Hoyer is 9 for 16 on play-action passes with zero touchdowns and an interception producing a 35.9 passer rating, lower than an incomplete pass (39.6). Last season with the Bears, his passer rating was 87.0 when using play action. Kaepernick, meanwhile, posted passer ratings of 91.7 and 92.0 in 2016 and 2015, respectively, when the call was for a play-action pass.
Mike Glennon looks good on paper — 67 percent completion rate and an 81.2 passer rating this season — but many of his good performances have come in garbage time. When the Bears have less than a 20 percent chance to win, Glennon averages 5.8 adjusted net yards per attempt. When it goes to 20 percent or more, his ANY/A drops to 2.3.
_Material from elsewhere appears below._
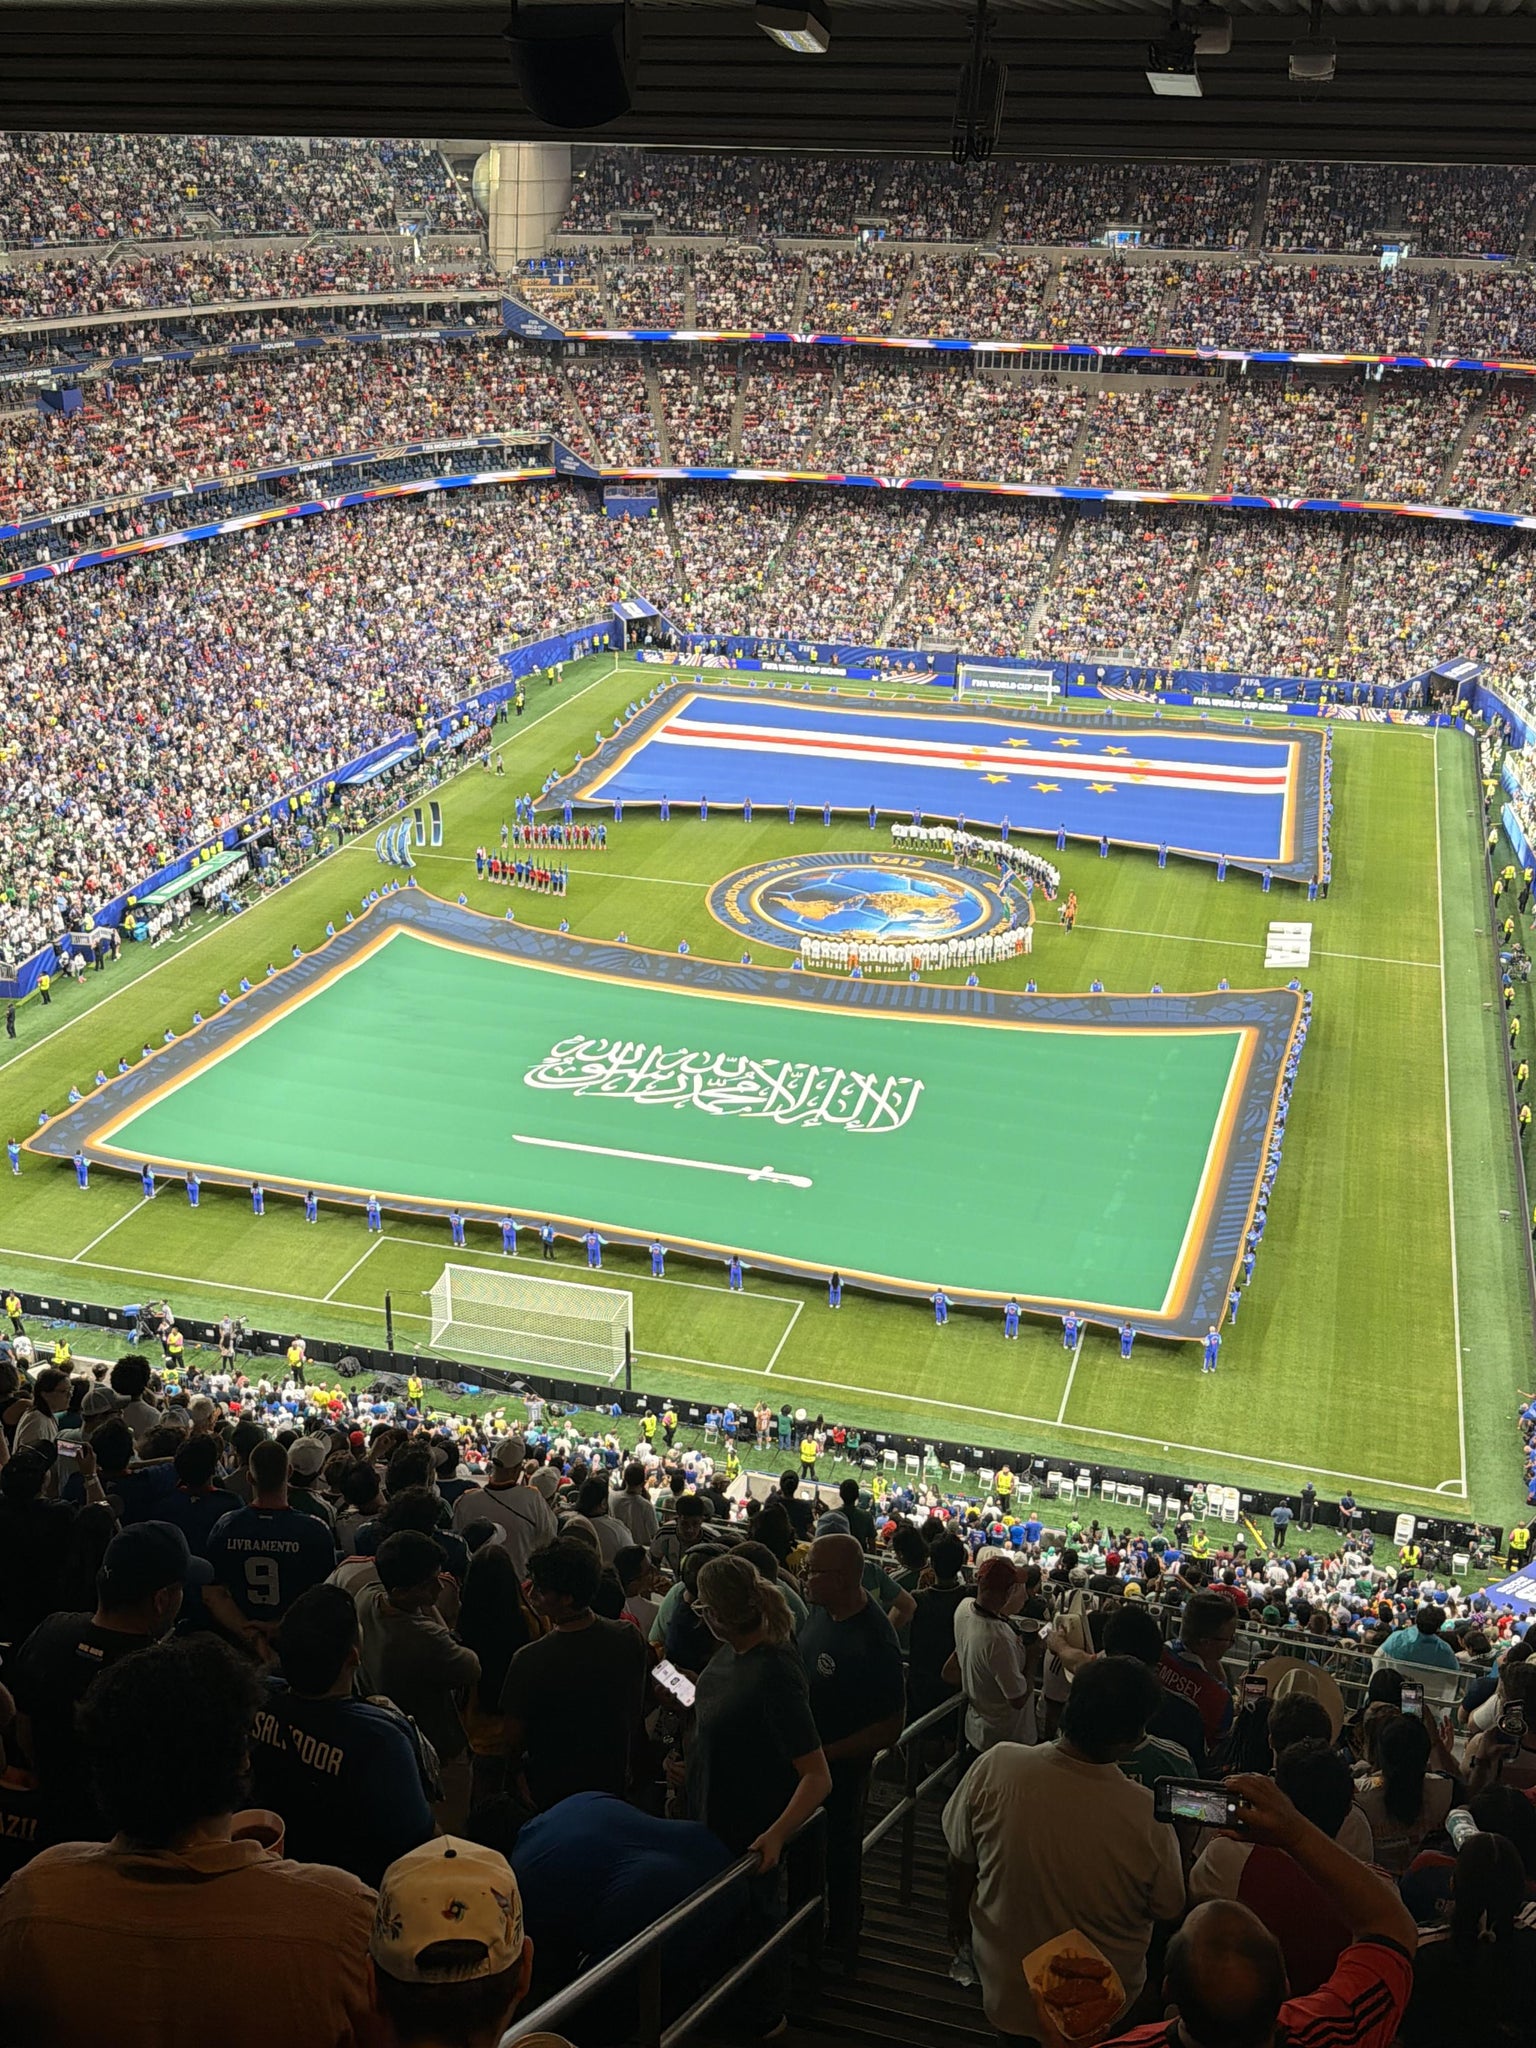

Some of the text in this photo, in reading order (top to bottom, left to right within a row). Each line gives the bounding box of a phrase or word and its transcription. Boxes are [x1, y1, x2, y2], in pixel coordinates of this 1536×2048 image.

Not to mention Kaepernick is also a threat to run the ball. He rushed the ball 114 times from 2015 to 2016, producing 724 yards and three touchdowns. Glennon has rushed the ball 37 times in his five-year career.
Carson Palmer used to be good, I swear. The 37-year-old is a three-time Pro Bowl quarterback who completed 62.5 percent of his passes for 6.24 adjusted net yards per attempt heading into the 2017 season. This year, he has been underwhelming: 46 of 84 (54.8 percent) for 600 yards, two touchdowns and a league-leading four interceptions. Plus, Palmer’s passer rating in a clean pocket is 86.8 this year, the eighth-worst performance according to Pro Football Focus.
Kaepernick’s passer rating in a clean pocket during the 2016 season was 98.7. The season before it was 93.1.
If you ask Kaepernick, he’s “ready right now” to join a team, and he said Sunday that he’s been “working out daily.” So if your favorite team looks a little unsteady under center, perhaps it’s time to hope it gives Kaepernick a call.